All die Dinge, die geschehen sind, die ganze Sammlung, ist nicht von dem getrennt, wofür ihr euch haltet. Das mentale Gefühl von Identität und das emotionale Gefühl eines Selbst sind von all dem, was ihr erlebt habt, nicht zu unterscheiden. Es ist, als wäre alles, was ihr in eurem Leben erlebt habt - alle Ereignisse, Gefühle, Emotionen, Reaktionen, gute und schlechte Erfahrungen, eure ganze Geschichte -, von dem untrennbar, wofür ihr euch jetzt haltet. Eigentlich ist es das, wodurch ihr euch gewöhnlich kennt.

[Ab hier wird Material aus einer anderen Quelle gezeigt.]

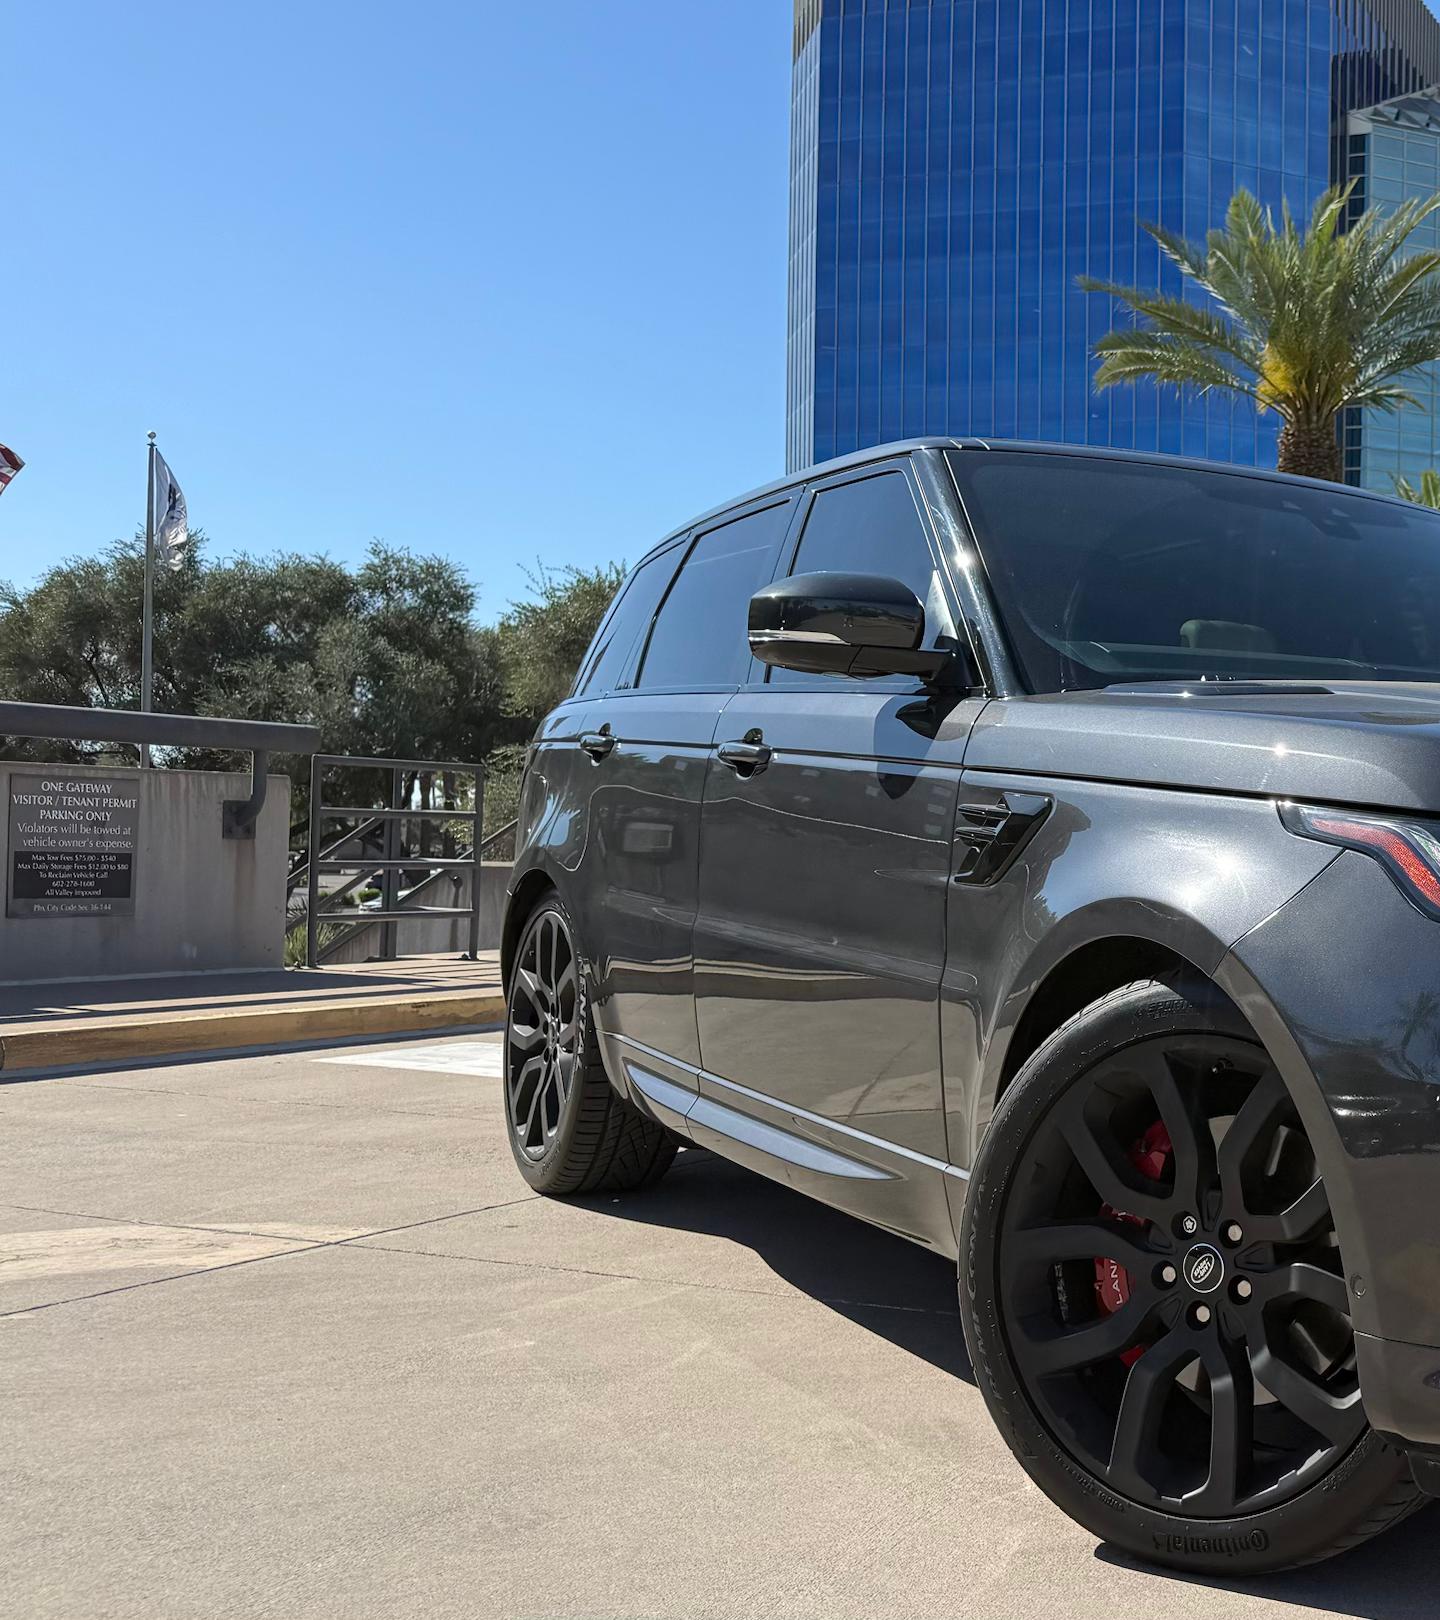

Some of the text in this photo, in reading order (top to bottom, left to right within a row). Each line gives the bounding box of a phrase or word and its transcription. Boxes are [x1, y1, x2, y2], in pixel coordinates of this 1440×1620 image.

[41, 781, 112, 794] ONE GATEWAY
[13, 794, 53, 806] VISITOR
[62, 796, 100, 807] TENANT
[102, 797, 137, 809] PERMIT
[40, 809, 112, 821] PARKING ONLY
[17, 822, 131, 836] Violators will be towed at
[23, 836, 134, 851] vehicle owner's expense.
[32, 863, 49, 871] Daily
[45, 888, 55, 896] All
[55, 888, 73, 897] Valley
[1110, 1259, 1123, 1305] LAN
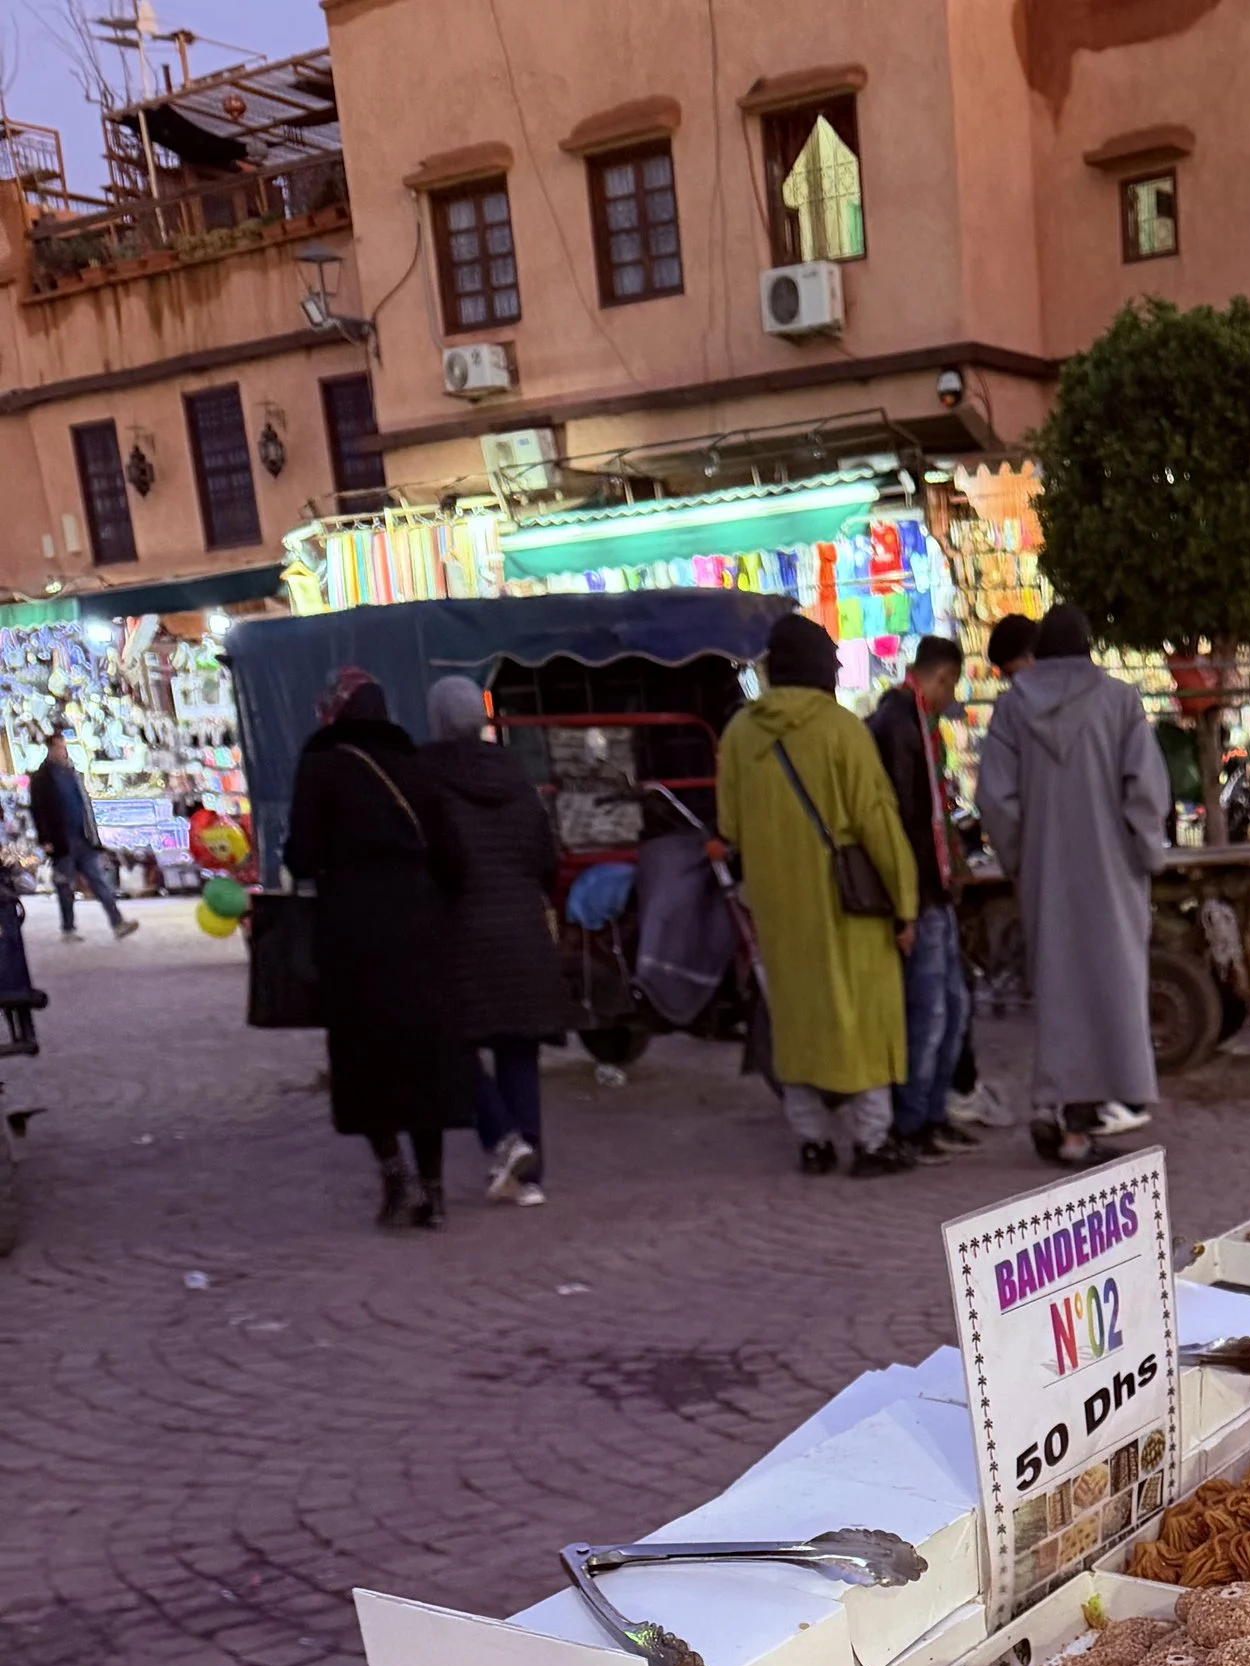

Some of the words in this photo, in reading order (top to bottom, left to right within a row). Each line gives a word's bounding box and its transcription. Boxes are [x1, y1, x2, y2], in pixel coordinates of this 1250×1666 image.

[994, 1190, 1139, 1311] BANDERAS
[1049, 1277, 1124, 1376] N°02
[1016, 1422, 1069, 1491] 50
[1083, 1353, 1158, 1437] Dhs

Aber was hat das, wer und was ihr seid, mit eurer Geschichte zu tun? Eure persönliche Geschichte ist die eures Körpers. Wenn ihr sagt: „Ein Auto hat mich angefahren“ - wer wurde von einem Auto angefahren? Wenn ihr sagt: „Man hat mich im Stich gelassen“ – was ist für euch das, was eure Mutter im Stich gelassen hat? „Ich wurde geboren“ – was wurde geboren? Ihr bezieht all diese Ereignisse, all diese Erinnerungen auf euren Körper. Dieser Körper bewegt sich durch Raum und Zeit, und all diese Dinge sind ihm passiert. Entweder haltet ihr also den Körper für euch selbst, oder ihr nehmt das, was ihm passiert ist, und bildet ein amorphes Konstrukt, eine Art psychologische Identität, die euer gegenwärtiges Identitätsgefühl bestimmt. Und irgendwie habt ihr das Gefühl, daß sie eure Zukunft bestimmt.

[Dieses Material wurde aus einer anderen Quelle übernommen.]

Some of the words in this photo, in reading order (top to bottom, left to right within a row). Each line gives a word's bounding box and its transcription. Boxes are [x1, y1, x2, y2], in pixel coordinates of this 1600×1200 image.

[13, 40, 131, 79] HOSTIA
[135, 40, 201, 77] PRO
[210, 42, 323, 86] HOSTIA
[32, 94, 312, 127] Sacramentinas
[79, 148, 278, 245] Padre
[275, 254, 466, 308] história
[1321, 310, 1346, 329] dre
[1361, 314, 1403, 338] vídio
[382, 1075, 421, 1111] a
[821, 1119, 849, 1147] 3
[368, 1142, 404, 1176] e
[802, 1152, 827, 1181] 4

Jetzt seid ihr euch vielleicht bewußt, daß ihr euch mit dieser persönlichen Geschichte und ihrem kollektiven Gefühl von Selbstsein (selfhood) identifiziert. All das hat ein Etikett, das man „Ich“ nennt. Was ist dieses Etikett? Wenn man diese persönliche Geschichte nimmt, um sich zu definieren, dann sind alle eigenen Erfahrungen eingeschlossen, auch Erfahrungen von Selbstverwirklichung, Erleuchtung und Essenz. Man nutzt auch diese Erinnerungen, um sich zu definieren. Zum Beispiel erinnert man sich vielleicht an ein Erlebnis, das man vor etwa zwei Monaten hatte, bei dem man sein wahres Selbst erfahren hat, und jetzt glaubt man, das man das ist. Diese Erfahrung wurde zu Nahrung für die eigene persönliche Geschichte. Man versucht, jetzt eine Identität zu erzeugen, indem man sich daran erinnert. Wer sagt, daß es das ist, was man jetzt ist? Seid ihr immer dasselbe? Wenn ihr eine Erinnerung nehmt, um euch zu definieren, dann spielt es keine Rolle, woran ihr euch erinnert - Gutes, Schlechtes, Grundlegendes, Oberflächliches, Wahres oder Falsches. Alles sammelt sich in eurer persönlichen Geschichte an. Sogar eine Erfahrung eures wahren Selbst kann erinnert und der Sammlung hinzugefügt werden. Aber euer wahres Selbst ist keine Anhäufung oder Sammlung.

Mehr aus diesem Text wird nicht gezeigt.